As we approached the mouth of the river, a haphazard encampment came into view. Scores of cars and trucks were parked on the beach near the edge of sandy dunes. Among them, people had pitched colorful tents that were ringed by coolers, tubs of gear, beach chairs, campfires, and stacks of firewood. Clothes hung from makeshift lines strung between driftwood poles and dogs barked from where they were tied up at the camps. John parked the car next to a large pickup that sat diagonally on the beach. As we got out, the smell hit me—a combination of fish, piss, and smoky campfires that was wafting down the beach. It appeared that entire families had relocated for a day or the weekend, or longer. All along the beach at the mouth of the river, hundreds of people stood waist-deep in the river with the handles of their nets stretched out in front of them. Kids ran between the water’s edge and their families’ territories on the beach. A cluster of women sat talking and smoking cigarettes on folding chairs in front of the grill of an oversize pickup. Men, taking a break from the river, stood around with the tops of their waders folded down to the waist. Trucks and ATVs fishtailed down the beach in a steady stream and parked in the sand.

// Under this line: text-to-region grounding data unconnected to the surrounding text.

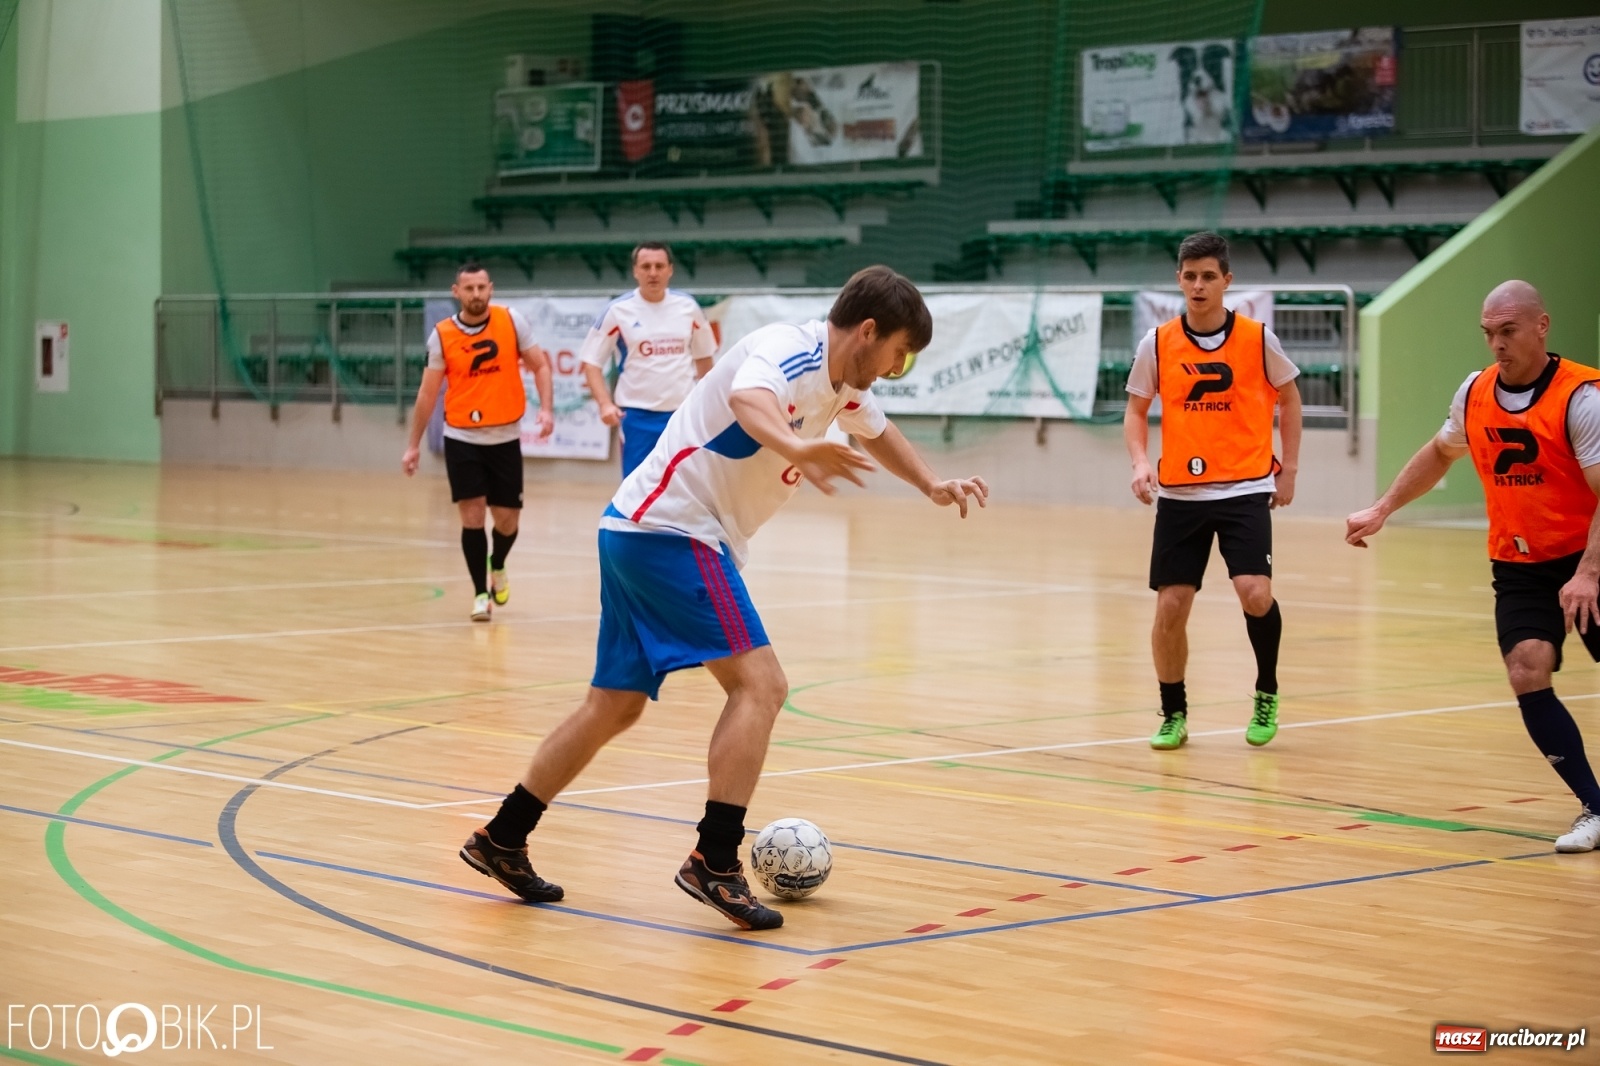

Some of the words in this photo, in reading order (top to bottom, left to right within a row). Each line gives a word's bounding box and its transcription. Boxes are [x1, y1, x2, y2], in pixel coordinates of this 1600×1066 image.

[928, 361, 964, 393] JEST
[967, 352, 985, 373] W
[1183, 401, 1232, 412] PATRICK
[1191, 457, 1204, 475] 9
[1494, 473, 1545, 486] PATRICK

We undid the nets from the roof of the car. Cynthia offered to stay on the beach with the kids, so John and I put the waders on over our pants and long-sleeved shirts. These waterproof overalls were heavy but supple, with shoulder straps and attached rubber boots. It was a cool summer day, and it was always colder on the beach as wind swept off the Inlet’s fifty-five-degree water to shore. I watched as John walked into the water ahead of me with his net outstretched and perpendicular to the river’s bottom. He casually greeted the man standing in the river a few feet in front of him. I carried my net to the edge of the water and then waded into the river, trying to keep the net upright in front of me. I inched it forward until it fell over, then I picked it up and started again. Shoving the circular frame of net along the sandy river bottom, I continued into the river until I was aligned with John and the handle of my net stretched toward the center of the river. Already John was adjusting how he held his net by observing the people around us. I did the same and rested the handle on my left shoulder and held it there with my hand. In the river up to my sternum, I shifted around to stand comfortably, feet spread, both hands gripping the end of the net’s handle to keep it upright. John asked the man next to him how the fishing had been earlier that morning.
“Nothing to speak of but they hit pretty good last night, ’bout ten o’clock,” the man reported. “My wife’s got a full cooler,” he said, tipping his head toward the top of the beach where, I assumed, his wife sat with the fish. They continued to talk about fishing, the timing of that day’s tides, whether the commercial boats had an opener and were allowed to extend their nets in the Inlet to intercept fish on their way to the river’s mouth.
“See all them drifters out there?” the man motioned beyond the mouth of the river toward the Inlet where nearly a dozen commercial fishing boats with large spools in their sterns lined up on the horizon. We were vultures, all of us, circling.
The cold water pressed heavily against me. It was a delicious feeling being held by the river like that. The water buoyed me up and squeezed me. It did not chuck me out. Slack high tide had filled the river’s mouth with seawater—a zealous gulp that swelled the channel far beyond its bounds and would later be spit back out.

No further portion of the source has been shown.